Tried to strangle my son twice
Tried to suffocate the same son twice

This is on top of trying to burn the house down and kill the dog, amongst other things.

You stood by and allowed this child to try and murder your own child FOUR times? You should've taken your children and left after the first attempt. If I was your child I would despise you with every fibre of my being for making me stay in this situation and not protecting me.

Don't be surprised if your own children don't end up with behavioural problems of their own after being subjected to this toxicity and abuse.

DaemonPantalaemon · 13/08/2017 09:25

You are a really warm and caring woman, OP, thank you for your loving kindness to this little boy and his inept father. But as you are realising, there is only so much you can do, it is time to put yourself first. Enjoy the break, and come back firmer of resolve.

AJPTaylor -- it is nice to see you alive and posting on Mumsnet, a most unlikely forum for you :) Your books made me fall in love with history, thank you :)

timeisnotaline · 13/08/2017 09:35

I just couldn't deal with parenting his children because he can't be bothered. Fine if you are in it together but for christsake he has the day off and goes motor biking on Wednesdays!!!

dottycat123 · 13/08/2017 09:43

I work in mental health, children who try to harm animals plus arson should raise massive red flags for risk of future serious violence. I suggest you ask for referral back to camhs and point out you are aware that he has significant known risk factors for escalating violence which you want documenting and a full risk assessment carrying out. ask what stratagies will be put in place to reduce the risk. Every camhs team should have access to psychology even if it's not immediate. If you can be a little emotionally detached research children who harm animals and go armed with knowledge.

Lucysky2017 · 13/08/2017 10:09

There are certainly psychologists in the UK. We have them in our family. They do exist. Of course they are quite busy and it is not always that easy to get a referral to one. Sometimes it is worth paying privately for one if you can afford it.

In this case I suspect if the father lived with his children and you with yours things might be a bit better for everyone. You would have a bit of peace and space and probably a lot less work. i would gof or that option. if the boyfriend wants to break up instead then that's fine. You will find someone else -ideally who has no children at all as that will be a lot simpler.

JumpingJellybeanz · 13/08/2017 10:17

My DD has Aspergers and used to steal all the time. I was told it is extremely common in children with autism. What they know and what they feel don't connect properly. They know it's wrong to steal but they don't feel it's wrong. My DD had CBT from an autism specialist to address the problem. That was 8 years ago and she hasn't taken anything since.

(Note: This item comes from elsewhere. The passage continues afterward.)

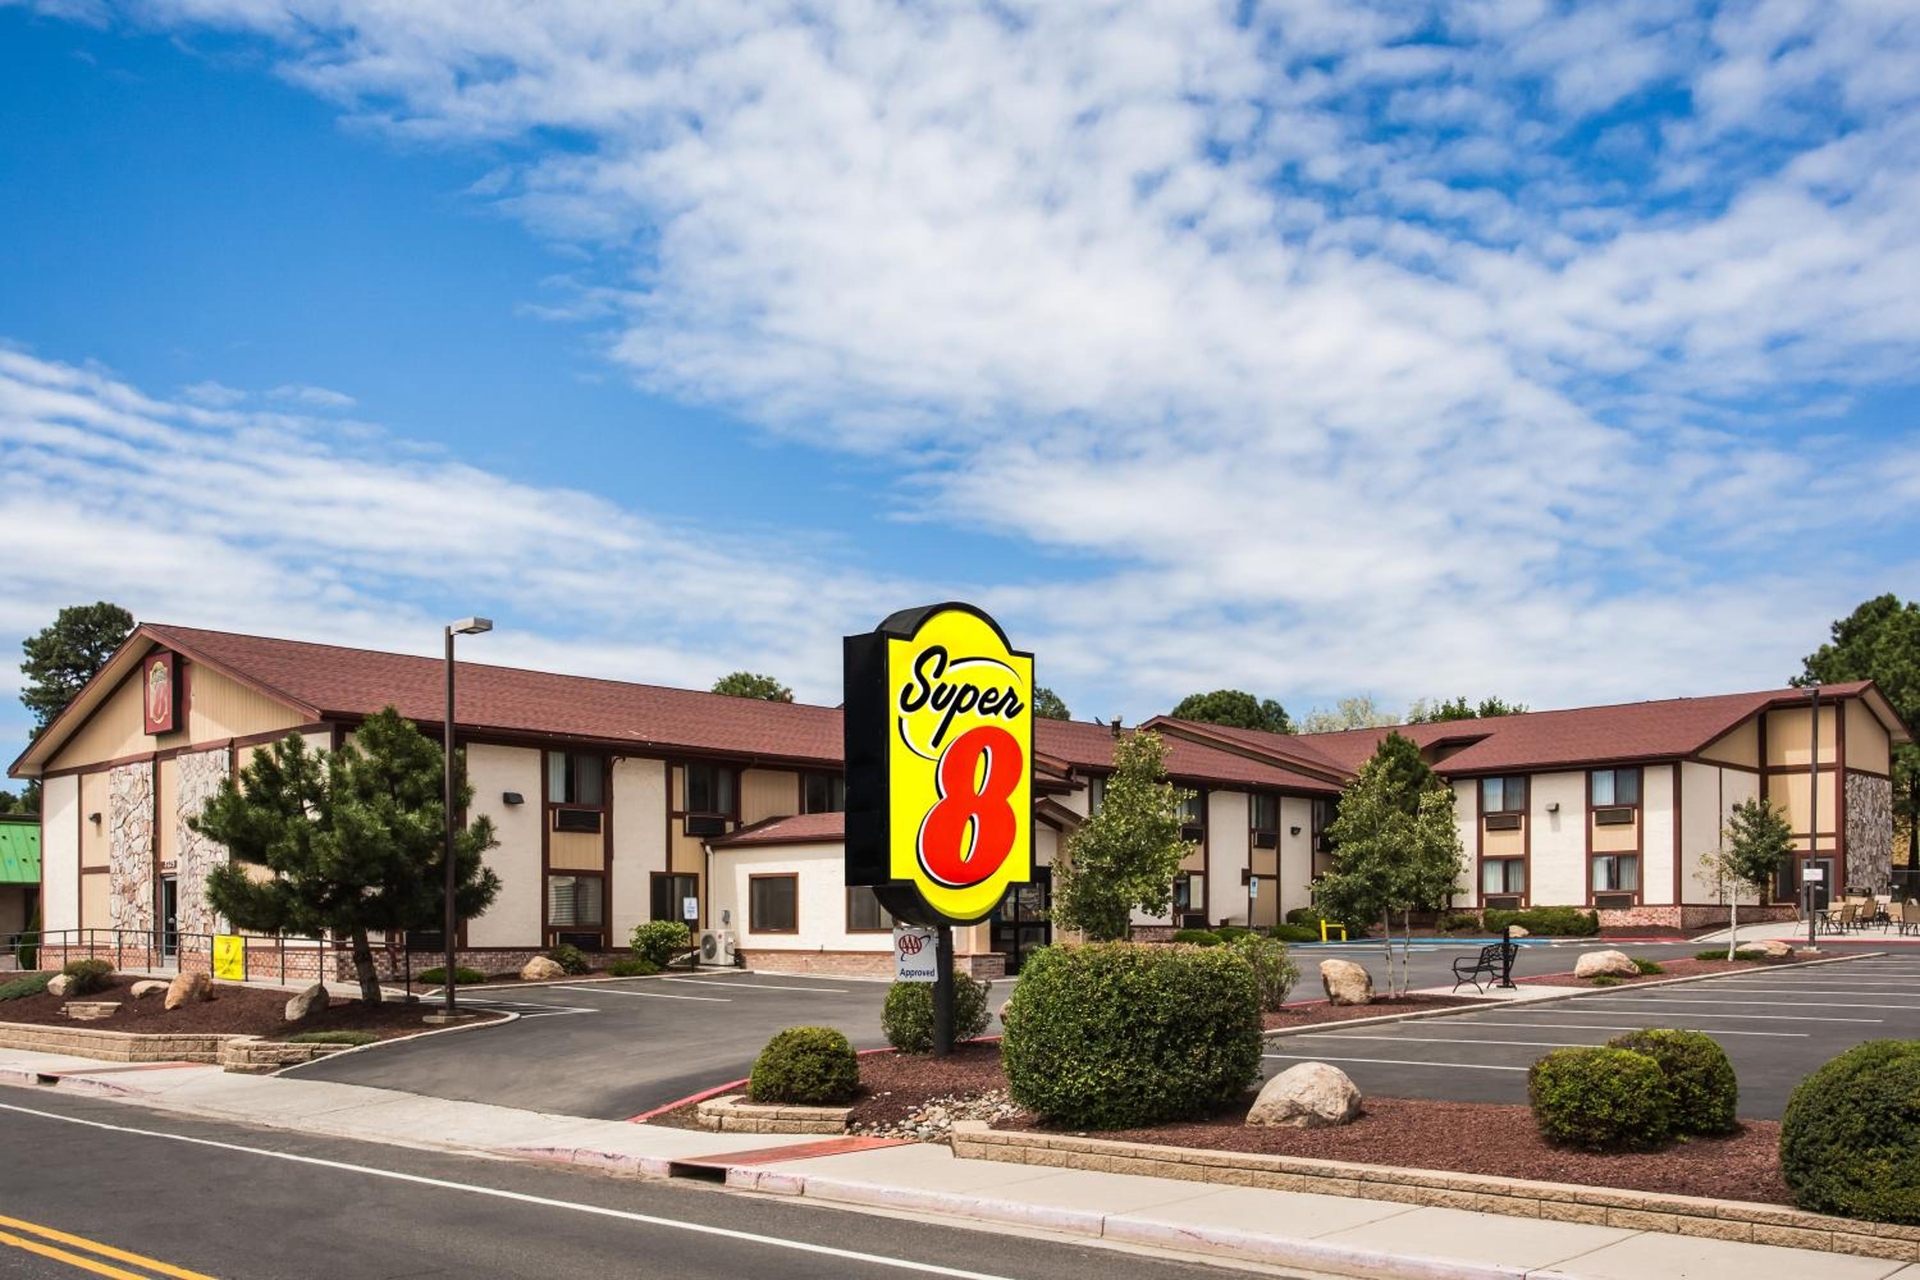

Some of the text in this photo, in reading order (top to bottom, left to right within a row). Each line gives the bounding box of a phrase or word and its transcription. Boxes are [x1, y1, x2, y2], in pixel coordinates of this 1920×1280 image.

redexpat · 13/08/2017 10:21

I wonder if youre getting fobbed off by the professionals because of the language youre using. I think a really good phrase to remember in these situations is what are our options (because often the progessional has already decided for you) and Im not happy with that.

Another tip is to have one notebook where you record each incident, factually. Also record all communication with different agencies. Take notes at every meeting. Ask questions like how long will that take? When can I expect to hear from you? Who is responsible for making this happen? If you appear to be seripus about your Ss then you will be taken seriously. No more miss nice guy.

MummytoCSJH · 13/08/2017 10:25

This bit tried to kill a dog and your child more than once. He would be out on his arse if he lived in my house.

junebirthdaygirl · 13/08/2017 10:31

Is he on medication for the adhd? That could be a start

MummytoCSJH · 13/08/2017 10:33

Boy, whoops.
I wish you the best of luck OP. Having read the rest of the thread.. DH may need to get a grip as well. You may need to go away with your children for a few days and let him handle it himself.

user1494426473 · 13/08/2017 21:56

Get out and take the poor dog with you.